══ Task inputs ══

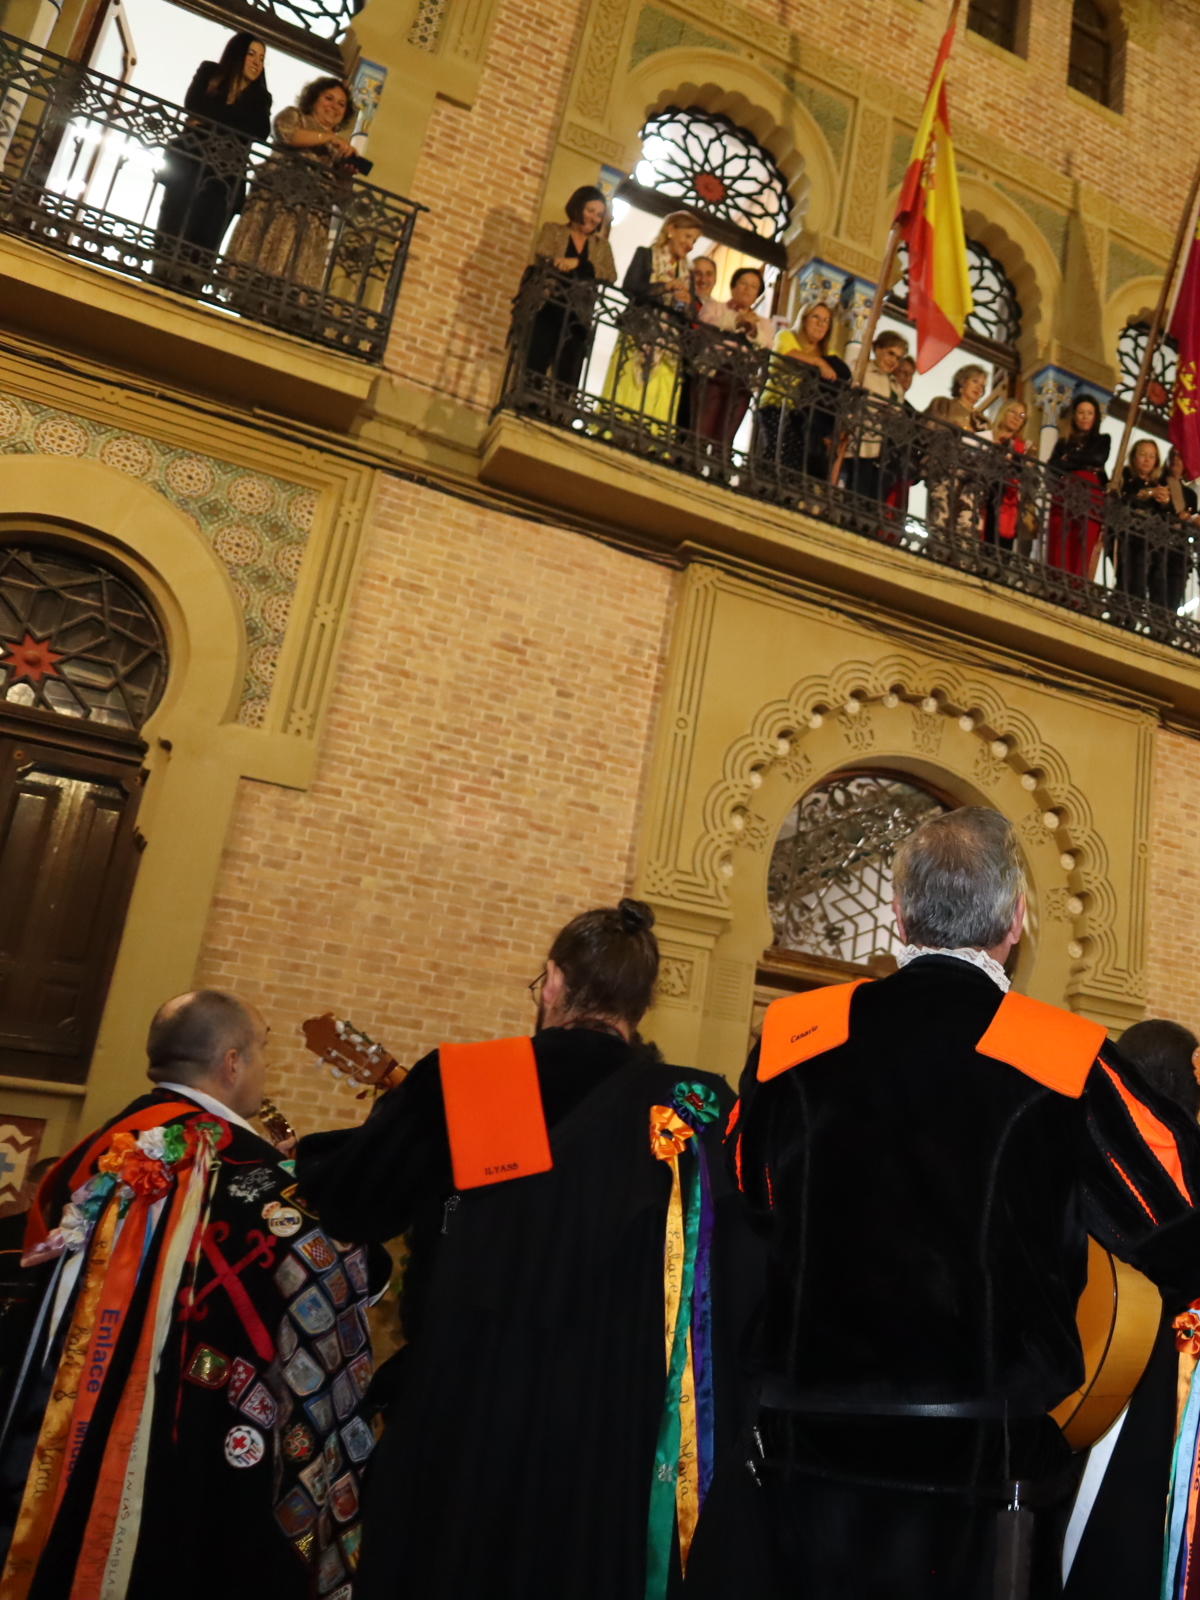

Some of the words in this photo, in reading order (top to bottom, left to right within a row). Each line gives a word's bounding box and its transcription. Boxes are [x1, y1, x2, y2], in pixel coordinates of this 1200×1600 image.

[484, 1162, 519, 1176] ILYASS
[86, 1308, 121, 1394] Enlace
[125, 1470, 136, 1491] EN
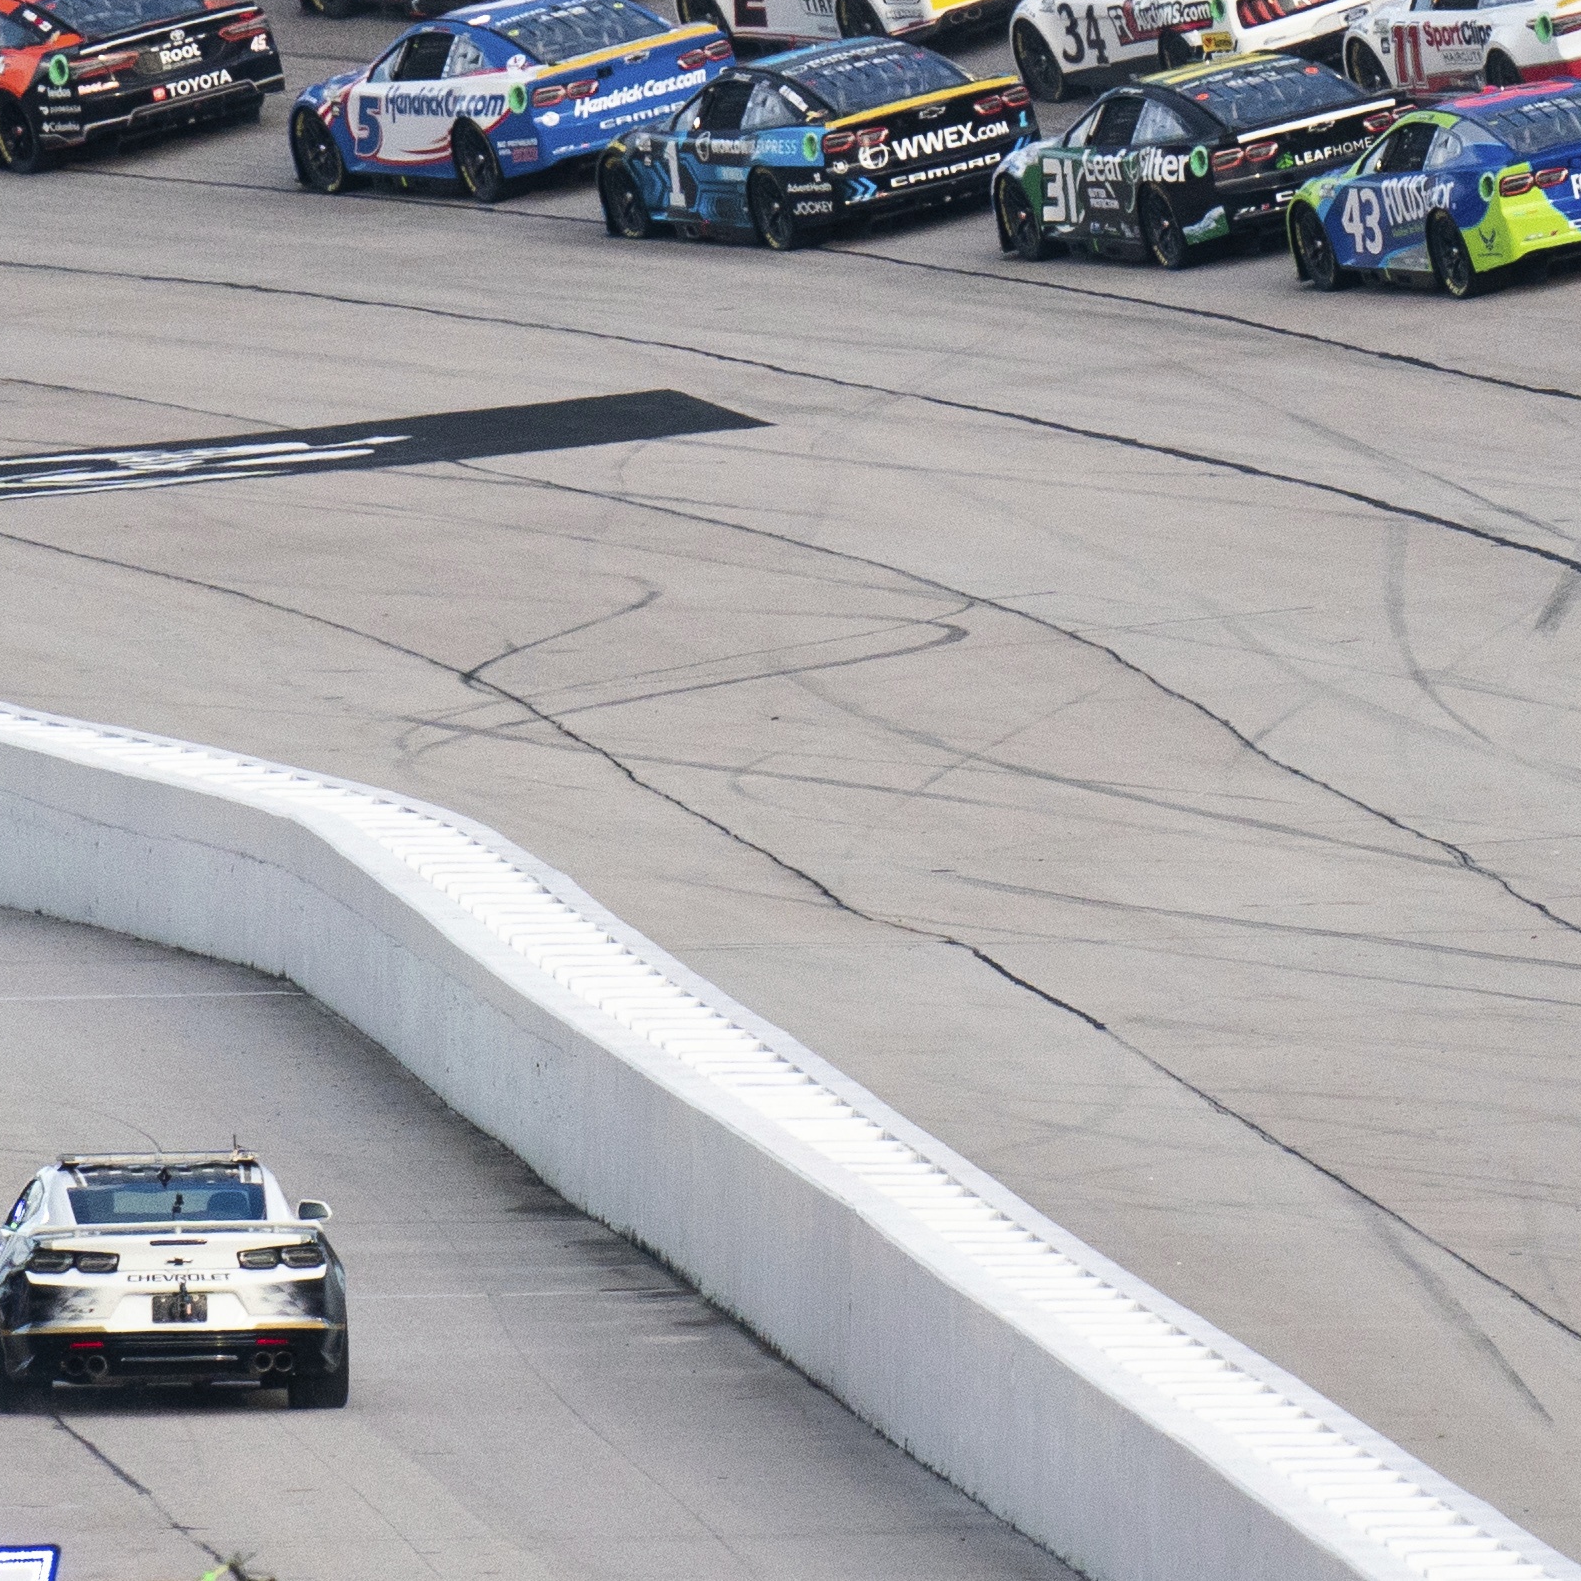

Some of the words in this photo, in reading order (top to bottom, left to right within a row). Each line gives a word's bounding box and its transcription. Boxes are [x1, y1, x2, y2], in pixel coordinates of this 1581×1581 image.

═══

→ Exercise details
Repeat each record verbatim, pictures excluded.

→ Output
Some of the words in this photo, in reading order (top to bottom, left to right within a row). Each line gives a word's bounding box and its transcription. Boxes are [x1, y1, x2, y2], in pixel coordinates of this 1200×1600 image.

[484, 1162, 519, 1176] ILYASS
[86, 1308, 121, 1394] Enlace
[125, 1470, 136, 1491] EN

Some of the words in this photo, in reading order (top to bottom, left to right within a row). Each line gives a word's bounding box and its transcription. Boxes are [x1, y1, x2, y2], in pixel coordinates of this 1581×1581 image.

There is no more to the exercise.